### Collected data
• • •

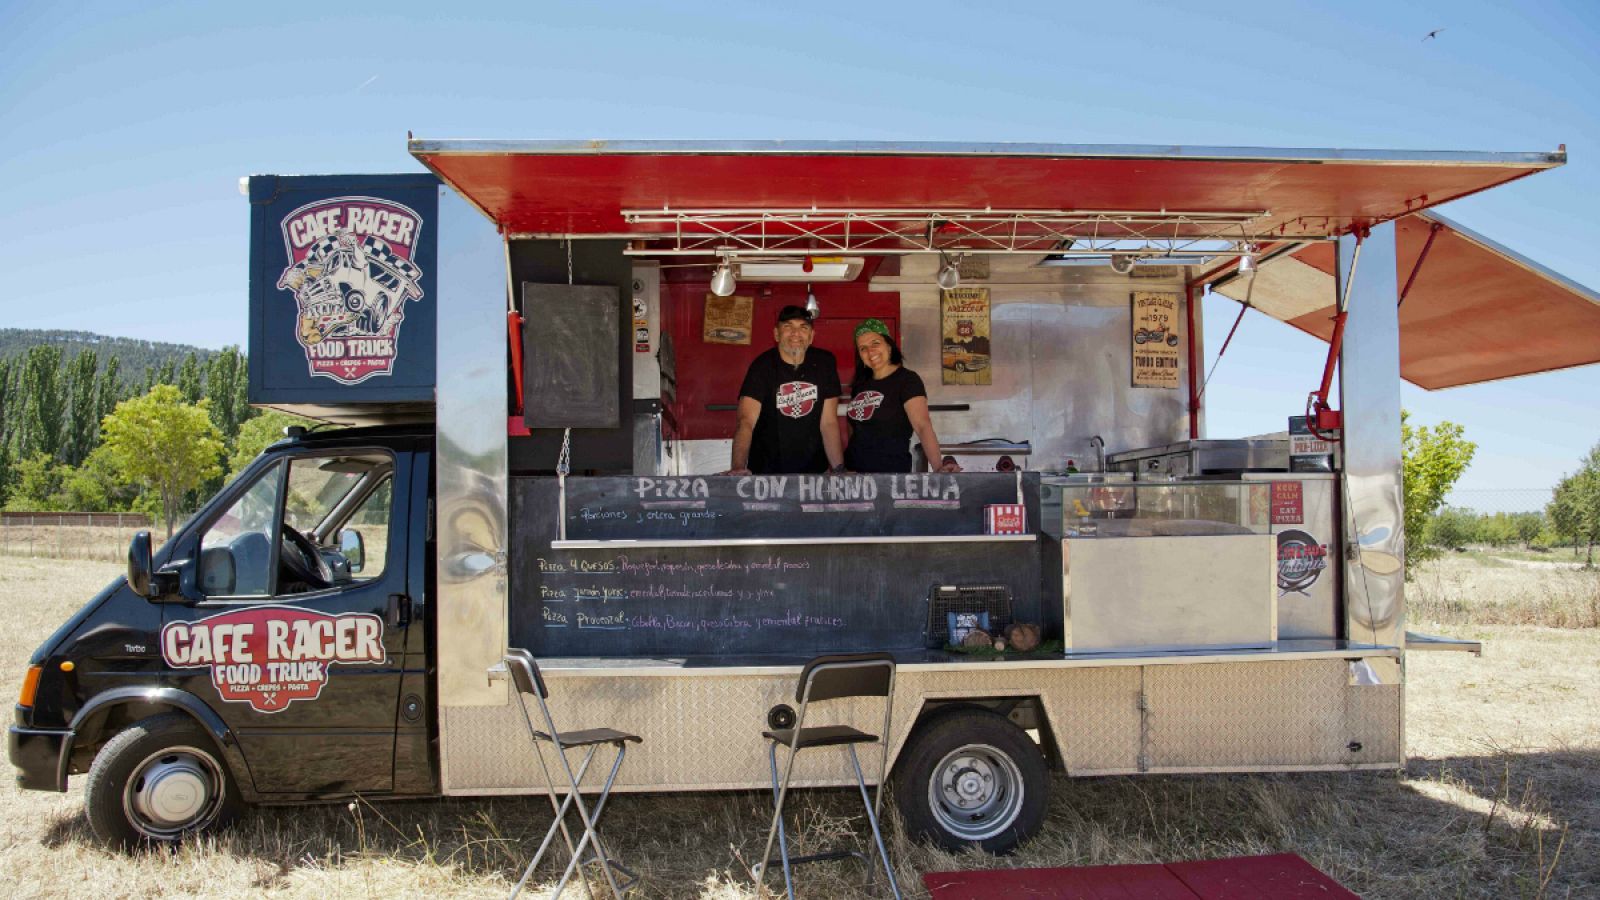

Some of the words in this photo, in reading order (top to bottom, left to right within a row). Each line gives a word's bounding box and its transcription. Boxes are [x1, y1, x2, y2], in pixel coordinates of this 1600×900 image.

[290, 207, 342, 248] CAFE
[348, 207, 415, 246] RACER
[309, 340, 345, 358] FOOD
[347, 339, 393, 357] TRUCK
[736, 475, 788, 500] CON
[570, 559, 578, 570] 4
[166, 624, 254, 663] CAFE
[267, 618, 382, 661] RACER
[216, 663, 261, 685] FOOD
[267, 661, 323, 683] TRUCK
[230, 684, 249, 692] PIZZA
[288, 683, 309, 691] PASTA
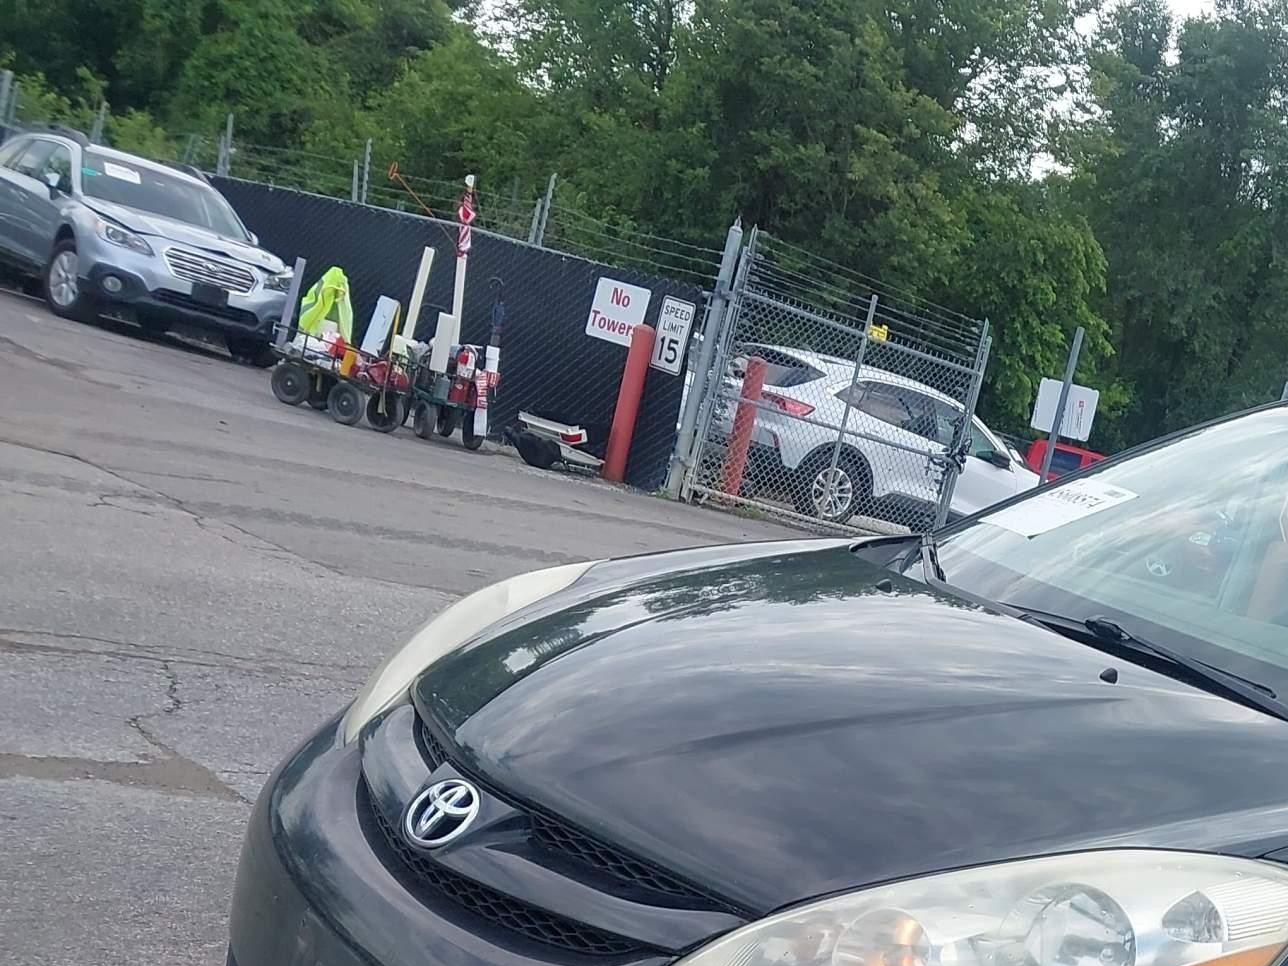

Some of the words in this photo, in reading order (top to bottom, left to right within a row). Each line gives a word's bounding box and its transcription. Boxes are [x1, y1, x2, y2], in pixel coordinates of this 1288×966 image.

[611, 287, 631, 308] No
[592, 309, 634, 337] Tower
[664, 304, 691, 321] SPEED
[662, 319, 685, 335] LIMIT
[658, 336, 679, 364] 15
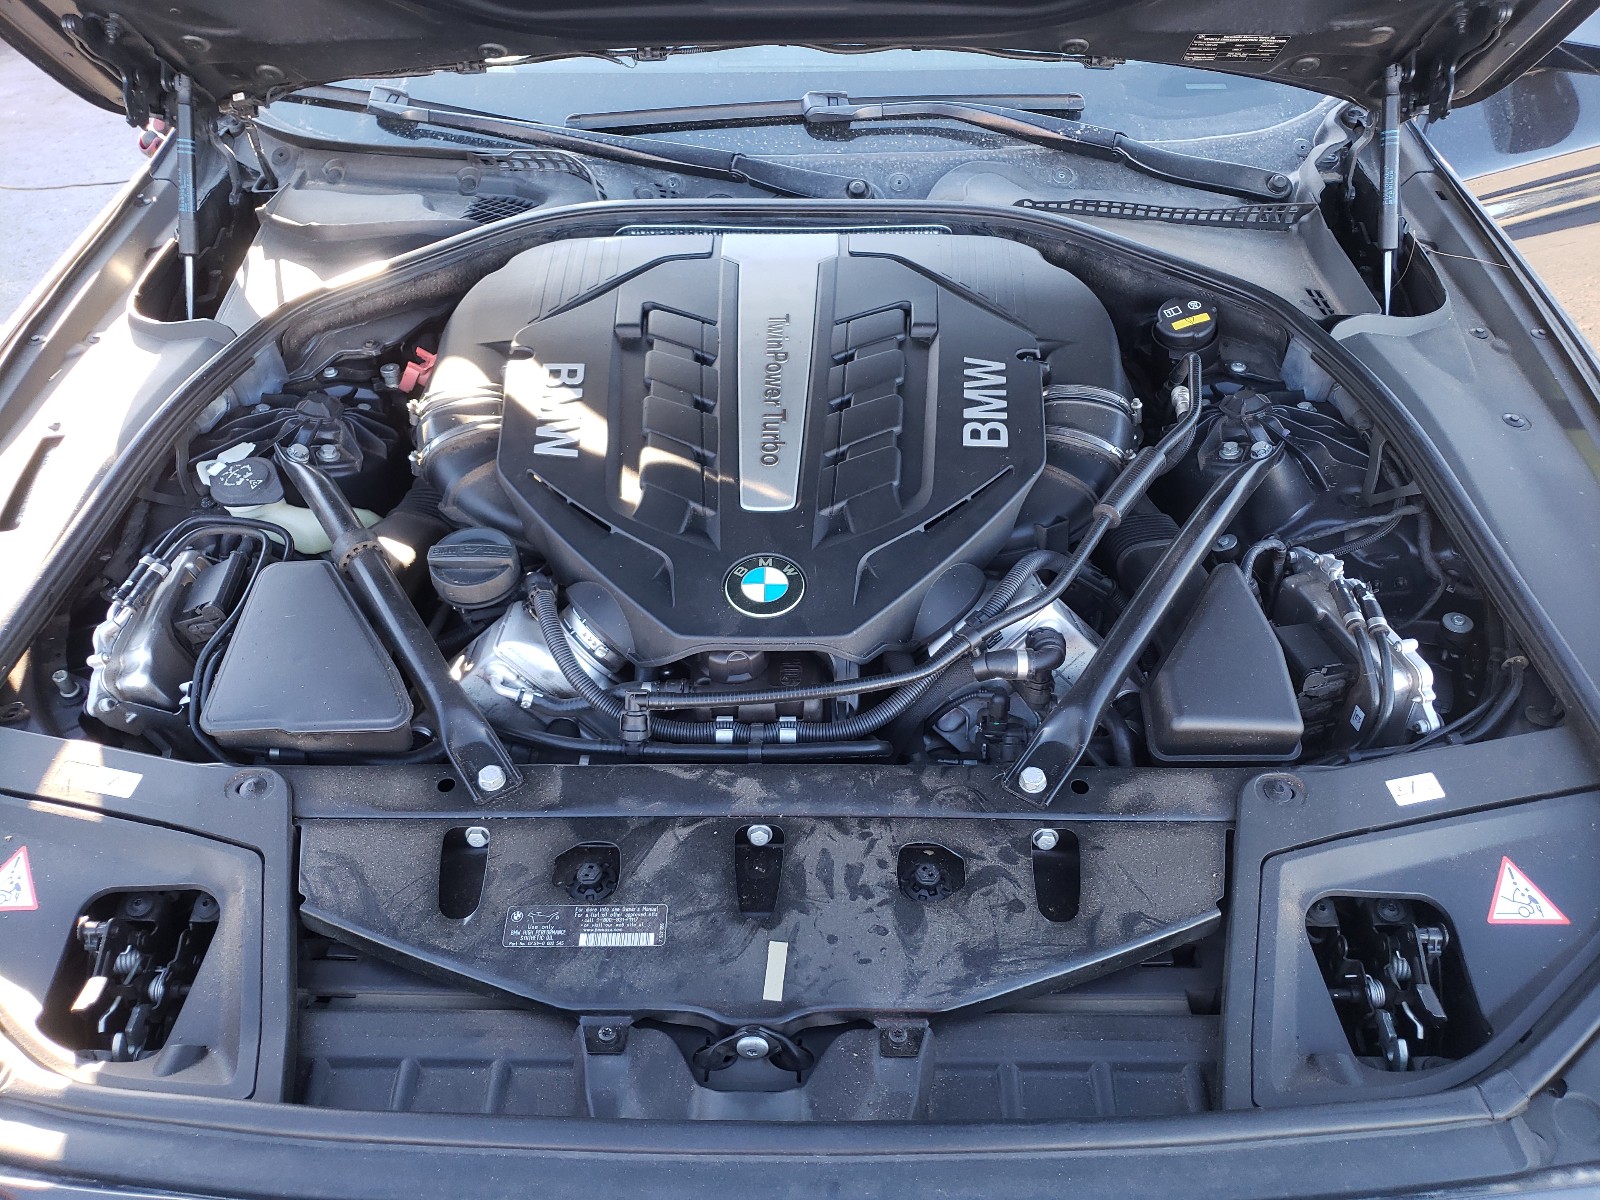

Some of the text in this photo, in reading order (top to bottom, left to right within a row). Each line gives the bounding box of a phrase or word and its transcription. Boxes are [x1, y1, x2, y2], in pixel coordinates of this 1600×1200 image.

[533, 363, 586, 458] BMW
[760, 313, 790, 467] TwinPower Turbo
[962, 356, 1009, 447] BMW
[733, 557, 798, 577] BMW

• • •

### Task instructions
What is needed is an exact copy of all the entries above, minus the pictures.

### Solved problem
Some of the words in this photo, in reading order (top to bottom, left to right within a row). Each line gives a word's bounding box and its transcription. Boxes are [x1, y1, x2, y2], in pixel coordinates of this 1600×900 image.

[290, 207, 342, 248] CAFE
[348, 207, 415, 246] RACER
[309, 340, 345, 358] FOOD
[347, 339, 393, 357] TRUCK
[736, 475, 788, 500] CON
[570, 559, 578, 570] 4
[166, 624, 254, 663] CAFE
[267, 618, 382, 661] RACER
[216, 663, 261, 685] FOOD
[267, 661, 323, 683] TRUCK
[230, 684, 249, 692] PIZZA
[288, 683, 309, 691] PASTA

Some of the words in this photo, in reading order (top to bottom, left to right within a row). Each line gives a word's bounding box and its transcription. Boxes are [x1, y1, x2, y2], in pixel coordinates of this 1288×966 image.

[611, 287, 631, 308] No
[592, 309, 634, 337] Tower
[664, 304, 691, 321] SPEED
[662, 319, 685, 335] LIMIT
[658, 336, 679, 364] 15

Some of the text in this photo, in reading order (top to bottom, left to right within a row). Each line gives the bounding box of a phrase or word and its transcription. Boxes are [x1, y1, x2, y2], in pixel coordinates of this 1600×1200 image.

[533, 363, 586, 458] BMW
[760, 313, 790, 467] TwinPower Turbo
[962, 356, 1009, 447] BMW
[733, 557, 798, 577] BMW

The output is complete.